The Ulster Tower, located in Thiepval, France, is Northern Ireland's National War Memorial. It was one of the first memorials to be erected on the Western Front and commemorates the men of the 36th (Ulster) Division and all those from Ulster who served in the First World War. The memorial was officially opened on 19 November 1921 and is a very close copy of Helen's Tower which stands in the grounds of the Clandeboye Estate, near Bangor, County Down, Northern Ireland. Many of the men of the Ulster Division trained in the estate before moving to England and then France early in 1916.

The Tower (plus a small cafe nearby) is staffed by members of the Somme Association, which is based in Belfast.

1916 Battle
The Division attacked the Schwaben Redoubt, which is near the Ulster Tower, on 1 July 1916. The Schwaben Redoubt was a little to the north-east of where the tower stands, and was a triangle of trenches with a frontage of 300 yards, a fearsome strongpoint with commanding views. It is also located close to the Thiepval Memorial to the Missing of the Somme.

The front lines were at the edge of Thiepval Wood which lies to the south-west of the road between the Thiepval Memorial and the Ulster Tower. Troops of the 109th Brigade crossed about 400 yards of no man's land, and kept on going. They entered the Schwaben Redoubt, and advanced on towards Stuff Redoubt, gaining in all around a mile, though not without losses. To their left, the 108th Brigade were successful in advancing near Thiepval, but less so nearer the River Ancre.

The 107th Brigade supported them, but although men of the 36th Division held out for the day the Germans mounted counterattacks, and as their stocks of bombs and ammunition dwindled, many fell back with small parties remaining in the German front lines.
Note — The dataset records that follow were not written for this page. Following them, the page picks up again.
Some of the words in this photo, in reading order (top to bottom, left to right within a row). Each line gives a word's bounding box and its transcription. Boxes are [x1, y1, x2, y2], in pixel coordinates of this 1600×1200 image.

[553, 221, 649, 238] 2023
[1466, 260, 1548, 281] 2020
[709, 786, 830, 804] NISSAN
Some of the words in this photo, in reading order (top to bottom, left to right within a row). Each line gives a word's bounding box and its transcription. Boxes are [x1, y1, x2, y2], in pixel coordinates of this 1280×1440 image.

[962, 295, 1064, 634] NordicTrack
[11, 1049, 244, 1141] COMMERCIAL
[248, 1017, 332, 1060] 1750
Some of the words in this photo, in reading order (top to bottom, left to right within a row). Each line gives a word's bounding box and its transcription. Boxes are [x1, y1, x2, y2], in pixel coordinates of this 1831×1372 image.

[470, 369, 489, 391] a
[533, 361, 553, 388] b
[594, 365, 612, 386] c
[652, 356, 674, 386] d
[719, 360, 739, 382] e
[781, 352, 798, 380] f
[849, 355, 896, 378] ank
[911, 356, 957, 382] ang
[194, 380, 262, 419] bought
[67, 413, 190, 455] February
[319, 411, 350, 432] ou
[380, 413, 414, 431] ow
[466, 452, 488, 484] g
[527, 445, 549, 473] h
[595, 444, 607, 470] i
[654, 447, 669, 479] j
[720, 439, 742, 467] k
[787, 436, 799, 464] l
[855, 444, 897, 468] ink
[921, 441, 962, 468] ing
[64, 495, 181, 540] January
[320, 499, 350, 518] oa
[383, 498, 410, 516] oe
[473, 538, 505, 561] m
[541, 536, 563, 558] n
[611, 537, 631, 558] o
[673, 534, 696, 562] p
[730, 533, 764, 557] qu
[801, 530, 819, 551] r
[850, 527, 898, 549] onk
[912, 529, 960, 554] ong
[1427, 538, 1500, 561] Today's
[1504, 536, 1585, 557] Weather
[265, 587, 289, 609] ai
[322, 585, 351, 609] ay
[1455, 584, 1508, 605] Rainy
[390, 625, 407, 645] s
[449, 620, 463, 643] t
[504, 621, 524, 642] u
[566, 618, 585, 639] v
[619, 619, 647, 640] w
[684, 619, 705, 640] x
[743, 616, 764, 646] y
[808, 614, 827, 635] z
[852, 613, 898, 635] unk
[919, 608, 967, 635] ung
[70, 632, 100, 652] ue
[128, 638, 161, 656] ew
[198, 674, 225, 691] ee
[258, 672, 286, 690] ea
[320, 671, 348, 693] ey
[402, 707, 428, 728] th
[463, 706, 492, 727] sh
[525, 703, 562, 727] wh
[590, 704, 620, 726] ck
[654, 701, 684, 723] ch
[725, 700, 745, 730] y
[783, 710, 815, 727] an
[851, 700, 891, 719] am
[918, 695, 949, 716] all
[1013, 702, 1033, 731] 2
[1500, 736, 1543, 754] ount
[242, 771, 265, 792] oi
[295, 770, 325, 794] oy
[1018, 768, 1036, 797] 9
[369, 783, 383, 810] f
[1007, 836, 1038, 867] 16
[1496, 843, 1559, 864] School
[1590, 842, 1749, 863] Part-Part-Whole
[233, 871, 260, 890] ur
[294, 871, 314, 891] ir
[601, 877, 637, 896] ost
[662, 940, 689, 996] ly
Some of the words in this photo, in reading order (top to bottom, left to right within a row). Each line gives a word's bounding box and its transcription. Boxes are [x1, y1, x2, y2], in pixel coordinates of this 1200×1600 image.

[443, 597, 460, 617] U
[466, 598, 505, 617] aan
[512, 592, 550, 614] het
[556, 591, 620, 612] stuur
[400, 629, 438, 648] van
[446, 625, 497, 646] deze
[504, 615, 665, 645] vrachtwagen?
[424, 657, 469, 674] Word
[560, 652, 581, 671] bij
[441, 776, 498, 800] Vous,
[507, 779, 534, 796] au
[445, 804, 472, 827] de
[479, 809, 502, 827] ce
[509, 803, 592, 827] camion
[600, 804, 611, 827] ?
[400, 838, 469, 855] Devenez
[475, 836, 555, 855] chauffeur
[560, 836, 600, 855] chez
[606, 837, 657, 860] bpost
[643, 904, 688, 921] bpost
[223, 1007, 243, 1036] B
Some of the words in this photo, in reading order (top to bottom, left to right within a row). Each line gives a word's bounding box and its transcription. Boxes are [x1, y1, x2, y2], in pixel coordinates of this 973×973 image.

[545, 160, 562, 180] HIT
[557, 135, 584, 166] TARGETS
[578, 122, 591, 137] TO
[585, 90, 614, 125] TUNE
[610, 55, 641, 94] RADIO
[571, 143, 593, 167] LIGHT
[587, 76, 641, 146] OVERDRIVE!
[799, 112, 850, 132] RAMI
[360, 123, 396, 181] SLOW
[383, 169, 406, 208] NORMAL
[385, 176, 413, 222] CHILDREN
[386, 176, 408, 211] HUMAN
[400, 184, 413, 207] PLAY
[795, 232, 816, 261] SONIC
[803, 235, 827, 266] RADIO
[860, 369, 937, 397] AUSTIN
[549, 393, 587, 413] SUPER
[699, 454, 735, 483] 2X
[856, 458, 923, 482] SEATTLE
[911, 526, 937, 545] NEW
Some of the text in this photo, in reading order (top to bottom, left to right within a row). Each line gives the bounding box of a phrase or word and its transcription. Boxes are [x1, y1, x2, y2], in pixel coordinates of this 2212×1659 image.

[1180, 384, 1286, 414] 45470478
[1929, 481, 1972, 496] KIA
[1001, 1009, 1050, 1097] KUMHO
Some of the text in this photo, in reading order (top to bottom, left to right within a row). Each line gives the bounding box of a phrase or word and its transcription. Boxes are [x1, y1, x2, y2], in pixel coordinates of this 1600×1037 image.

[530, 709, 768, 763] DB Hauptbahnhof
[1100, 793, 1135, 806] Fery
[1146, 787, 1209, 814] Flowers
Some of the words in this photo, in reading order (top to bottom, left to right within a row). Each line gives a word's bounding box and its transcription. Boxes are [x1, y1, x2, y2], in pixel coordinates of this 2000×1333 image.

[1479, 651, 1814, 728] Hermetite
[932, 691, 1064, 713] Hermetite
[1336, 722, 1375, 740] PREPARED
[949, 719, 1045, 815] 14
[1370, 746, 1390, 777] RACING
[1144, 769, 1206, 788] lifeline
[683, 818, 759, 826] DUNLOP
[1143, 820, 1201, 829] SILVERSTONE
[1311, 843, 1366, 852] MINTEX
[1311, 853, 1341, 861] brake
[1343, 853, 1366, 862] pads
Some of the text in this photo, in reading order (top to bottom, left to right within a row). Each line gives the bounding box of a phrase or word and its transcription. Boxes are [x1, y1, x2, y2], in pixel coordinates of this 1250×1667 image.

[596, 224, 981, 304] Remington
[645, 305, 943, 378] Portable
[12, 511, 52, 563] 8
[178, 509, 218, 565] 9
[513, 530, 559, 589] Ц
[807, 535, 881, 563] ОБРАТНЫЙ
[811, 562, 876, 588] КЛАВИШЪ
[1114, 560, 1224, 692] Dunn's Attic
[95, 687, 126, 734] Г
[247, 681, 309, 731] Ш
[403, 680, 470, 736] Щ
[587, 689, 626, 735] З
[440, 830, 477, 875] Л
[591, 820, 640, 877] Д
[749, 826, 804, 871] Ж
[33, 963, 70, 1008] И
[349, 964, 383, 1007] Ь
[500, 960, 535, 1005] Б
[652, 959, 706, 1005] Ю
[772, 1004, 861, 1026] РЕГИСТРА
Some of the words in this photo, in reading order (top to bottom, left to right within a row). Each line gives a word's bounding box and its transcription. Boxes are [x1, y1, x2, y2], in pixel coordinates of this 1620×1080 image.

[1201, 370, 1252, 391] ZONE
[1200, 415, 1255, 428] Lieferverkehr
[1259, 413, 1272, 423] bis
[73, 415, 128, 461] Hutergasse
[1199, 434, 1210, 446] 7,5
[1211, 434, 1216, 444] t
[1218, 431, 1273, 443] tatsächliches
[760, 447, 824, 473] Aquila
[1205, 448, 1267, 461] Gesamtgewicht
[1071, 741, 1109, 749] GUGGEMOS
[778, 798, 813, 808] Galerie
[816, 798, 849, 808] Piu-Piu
The casualties suffered by the 36th Division on 1 July totalled over 5,000.

Memorial
At the entrance to the tower is a plaque commemorating the names of the nine men of the Division who won the Victoria Cross during the Somme. There is also a memorial here commemorating the part played by members of the Orange Order during the battle. The inscription on this memorial reads:
"This Memorial is Dedicated to the Men and Women of the Orange Institution Worldwide, who at the call of King and country, left all that was dear to them, endured hardness, faced danger, and finally passed out of the sight of man by the path of duty and self sacrifice, giving up their own lives that others might live in Freedom. Let those who come after see to it that their names be not forgotten."

The memorial tower was designed by architects Albert Leigh Abbott and J.A. Bowden.

See also 
 British 36th (Ulster) Division
 Island of Ireland Peace Park
 Irish National War Memorial Gardens

References

Further reading

 

Battle of the Somme
World War I memorials in France
Culture of Northern Ireland
Ulster
Monuments and memorials in Somme (department)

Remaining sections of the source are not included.